Dividing real estate in a divorce, particularly if one property is the marital home, is rarely easy. California’s laws regarding division of real estate can be bewildering. California is a community property state, meaning that property in a divorce is considered equally owned by both spouses and must be divided equally. That means that there are several important tips to remember if you are thinking about how to share property in a divorce.
1. Get an appraisal
Visit a certified appraiser for an accurate assessment of the real estate value. Don’t rely on past appraisals: Get a current evaluation from a professional.
2. Calculate your share
The theoretical share due to each spouse will be calculated by 50 percent of the equity in the property and 50 percent of the outstanding mortgage balance.
3. Keep or sell?
Have an honest discussion with your spouse about whether to keep your real estate properties or sell them. If you do decide to sell, pay off any outstanding mortgage and divide the proceeds equally between both parties.
4. Balance it out
Should you decide that one spouse will keep the property, balance any inequalities regarding the overall division of assets.
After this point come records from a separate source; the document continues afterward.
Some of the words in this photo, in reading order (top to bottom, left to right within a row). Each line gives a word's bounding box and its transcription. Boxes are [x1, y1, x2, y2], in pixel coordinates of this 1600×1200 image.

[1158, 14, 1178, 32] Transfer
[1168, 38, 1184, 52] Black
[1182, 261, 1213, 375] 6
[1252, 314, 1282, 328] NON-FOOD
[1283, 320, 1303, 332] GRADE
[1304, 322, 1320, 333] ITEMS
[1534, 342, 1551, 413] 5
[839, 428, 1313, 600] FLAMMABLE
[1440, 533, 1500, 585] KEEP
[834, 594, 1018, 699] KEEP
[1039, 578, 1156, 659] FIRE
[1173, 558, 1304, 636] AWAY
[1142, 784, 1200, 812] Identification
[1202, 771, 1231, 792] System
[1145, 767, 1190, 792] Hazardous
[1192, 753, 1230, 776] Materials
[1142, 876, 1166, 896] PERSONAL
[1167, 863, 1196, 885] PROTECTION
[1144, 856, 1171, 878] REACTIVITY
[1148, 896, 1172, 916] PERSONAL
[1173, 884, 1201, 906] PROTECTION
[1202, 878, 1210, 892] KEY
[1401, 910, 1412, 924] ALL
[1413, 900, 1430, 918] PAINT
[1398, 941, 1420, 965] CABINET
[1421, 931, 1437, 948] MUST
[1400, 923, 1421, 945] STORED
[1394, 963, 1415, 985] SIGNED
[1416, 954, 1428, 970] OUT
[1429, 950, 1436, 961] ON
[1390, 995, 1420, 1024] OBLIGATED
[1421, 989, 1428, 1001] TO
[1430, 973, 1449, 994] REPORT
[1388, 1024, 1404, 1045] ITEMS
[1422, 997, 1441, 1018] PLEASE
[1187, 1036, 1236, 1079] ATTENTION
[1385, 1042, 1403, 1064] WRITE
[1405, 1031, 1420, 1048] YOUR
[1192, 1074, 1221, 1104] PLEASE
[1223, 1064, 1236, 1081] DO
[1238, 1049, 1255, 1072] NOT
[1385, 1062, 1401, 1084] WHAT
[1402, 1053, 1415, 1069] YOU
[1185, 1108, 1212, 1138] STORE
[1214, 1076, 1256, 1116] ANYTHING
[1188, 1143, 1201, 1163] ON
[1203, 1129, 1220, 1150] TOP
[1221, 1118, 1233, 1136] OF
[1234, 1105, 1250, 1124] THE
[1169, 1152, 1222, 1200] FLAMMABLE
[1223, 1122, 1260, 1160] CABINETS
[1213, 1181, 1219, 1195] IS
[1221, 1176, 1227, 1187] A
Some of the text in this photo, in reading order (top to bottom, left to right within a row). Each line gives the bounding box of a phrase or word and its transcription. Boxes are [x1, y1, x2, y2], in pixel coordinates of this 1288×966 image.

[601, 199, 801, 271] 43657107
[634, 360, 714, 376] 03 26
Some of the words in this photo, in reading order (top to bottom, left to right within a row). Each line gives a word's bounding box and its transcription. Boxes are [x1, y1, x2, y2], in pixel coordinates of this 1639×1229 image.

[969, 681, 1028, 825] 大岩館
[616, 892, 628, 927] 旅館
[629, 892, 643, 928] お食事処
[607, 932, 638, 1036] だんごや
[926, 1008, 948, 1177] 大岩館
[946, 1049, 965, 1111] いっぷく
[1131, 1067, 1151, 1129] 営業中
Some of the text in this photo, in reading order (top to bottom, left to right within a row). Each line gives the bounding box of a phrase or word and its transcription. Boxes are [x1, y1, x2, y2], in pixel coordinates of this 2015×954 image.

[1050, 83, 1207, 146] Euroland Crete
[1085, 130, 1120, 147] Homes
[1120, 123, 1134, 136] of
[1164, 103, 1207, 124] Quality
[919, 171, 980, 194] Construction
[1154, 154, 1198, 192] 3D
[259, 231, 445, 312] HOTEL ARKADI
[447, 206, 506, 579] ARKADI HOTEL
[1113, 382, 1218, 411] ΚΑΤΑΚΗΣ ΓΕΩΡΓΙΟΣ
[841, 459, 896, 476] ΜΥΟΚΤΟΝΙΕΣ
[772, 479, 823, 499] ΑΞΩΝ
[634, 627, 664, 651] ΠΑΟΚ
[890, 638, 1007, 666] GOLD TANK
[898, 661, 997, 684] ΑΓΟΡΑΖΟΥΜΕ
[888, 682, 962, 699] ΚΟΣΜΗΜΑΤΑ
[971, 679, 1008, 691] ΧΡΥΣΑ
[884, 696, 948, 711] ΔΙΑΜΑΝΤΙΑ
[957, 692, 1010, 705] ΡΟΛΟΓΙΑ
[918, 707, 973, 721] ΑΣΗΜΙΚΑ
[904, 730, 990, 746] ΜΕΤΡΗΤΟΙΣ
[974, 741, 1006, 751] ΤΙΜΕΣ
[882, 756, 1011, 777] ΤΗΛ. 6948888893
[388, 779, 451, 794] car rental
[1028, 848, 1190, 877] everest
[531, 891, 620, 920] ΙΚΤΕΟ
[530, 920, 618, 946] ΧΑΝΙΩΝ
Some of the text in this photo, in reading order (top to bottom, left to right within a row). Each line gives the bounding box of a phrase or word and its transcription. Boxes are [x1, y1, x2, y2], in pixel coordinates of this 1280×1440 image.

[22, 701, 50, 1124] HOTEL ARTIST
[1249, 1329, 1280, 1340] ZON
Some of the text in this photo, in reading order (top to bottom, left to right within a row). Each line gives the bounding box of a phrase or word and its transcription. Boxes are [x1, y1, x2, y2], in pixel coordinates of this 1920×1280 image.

The other spouse should receive an equal balance of assets or debt to maintain a fair split.
5. The gift exception
There are certain exceptions to the community property rule. Gifts, for example, are often considered the sole property of one spouse. So if one partner was given a piece of real estate as a gift, it might be subject to different laws.
Remember, every divorce is different, and many complex legal factors will apply to each case. Couples who are wondering how to divide California real estate can frequently come to an arrangement that is suitable for both parties.